Despite growing efforts to secularize celebrations this time of year, a majority of Americans still say being thankful to God is a priority at Thanksgiving.
“For Americans, Thanksgiving is about faith and family, and not much else.
“More than half (56 percent) tell LifeWay Research the most important part of the annual holiday is ‘being thankful to God for my blessings.’ Almost 4 in 10 (39 percent) say ‘time with family and friends’ tops their Thanksgiving priorities.”

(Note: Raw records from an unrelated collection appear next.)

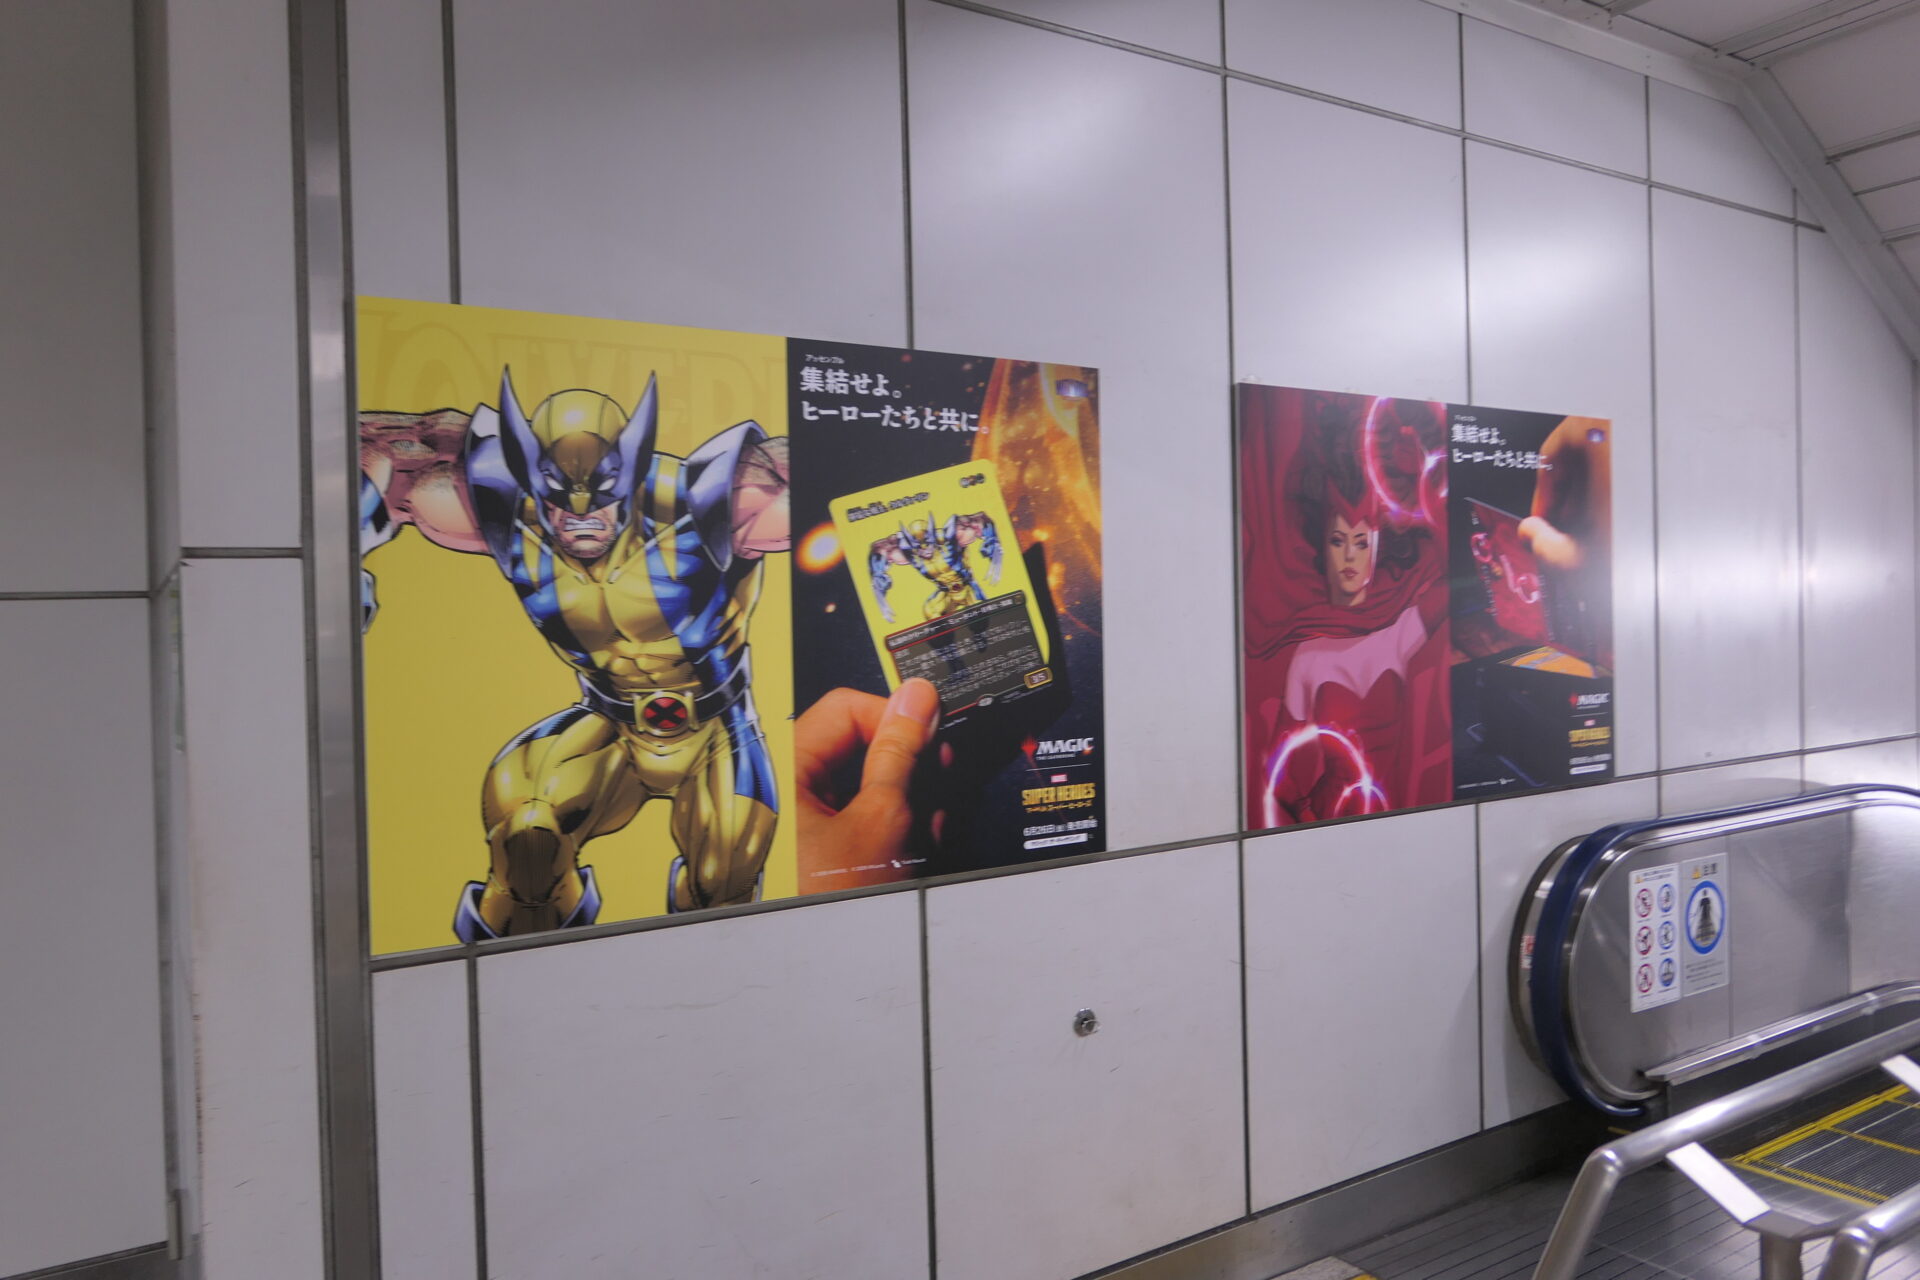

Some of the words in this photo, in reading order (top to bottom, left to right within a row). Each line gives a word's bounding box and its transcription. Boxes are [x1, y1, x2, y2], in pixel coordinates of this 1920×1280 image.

[800, 366, 902, 399] 集結せよ。
[801, 401, 990, 434] ヒーローたちと共に。
[1451, 423, 1507, 446] 集結せよ。
[1452, 448, 1553, 471] ヒーローたちと共に。
[1036, 737, 1094, 755] MAGIC

We have written repeatedly about calls to prayer and thanksgiving issued by everyone from the Founding Fathers to Abraham Lincoln and other U.S. Presidents. For example:
- The Continental Congress issued a proclamation in 1778 asking Americans to set aside a day “to be observed as a day of fasting, humiliation, and prayer; that at one time, and with one voice, the inhabitants may acknowledge the righteous dispensations of Divine Providence, and confess their iniquities and transgressions, for which the land mourneth;”
- Thomas Jefferson issued a thanksgiving proclamation in 1779 when he was Governor of Virginia setting aside “a day of publick and solemn THANKSGIVING to Almighty God, for his mercies, and of PRAYER, for the continuance of his favour and protection to these United States;”
- Jefferson’s proclamation was issued in conjunction with one from the Continental Congress calling on Americans “to beseech him [God] that he would be graciously pleased to influence our publick Councils, and bless them with wisdom from on high, with unanimity, firmness and success; that he would go forth with our hosts and crown our arms with victory;”
- In 1780 Congress again issued a thanksgiving proclamation calling on Americans to observe “a day of public thanksgiving and prayer; that all the people may assemble on that day to celebrate the praises of our Divine Benefactor; to confess our unworthiness of the least of his favours, and to offer our fervent supplications to the God of all grace;”
- In 1863, Abraham Lincoln issued his famous Thanksgiving proclamation inviting Americans to set aside “the last Thursday of November next as a Day of Thanksgiving and Praise to our beneficent Father who dwelleth in the heavens. And I recommend to them that, while offering up the ascriptions justly due to Him for such singular deliverances and blessings, they do also, with humble penitence for our national perverseness and disobedience, commend to His tender care all those who have become widows, orphans, mourners, or sufferers in the lamentable civil strife in which we are unavoidably engaged, and fervently implore the interposition of the Almighty hand to heal the wounds of the nation, and to restore it, as soon as may be consistent with the Divine purposes, to the full enjoyment of peace, harmony, tranquility, and union.”
Pausing to give thanks to God is a powerful tradition that is part of our national heritage.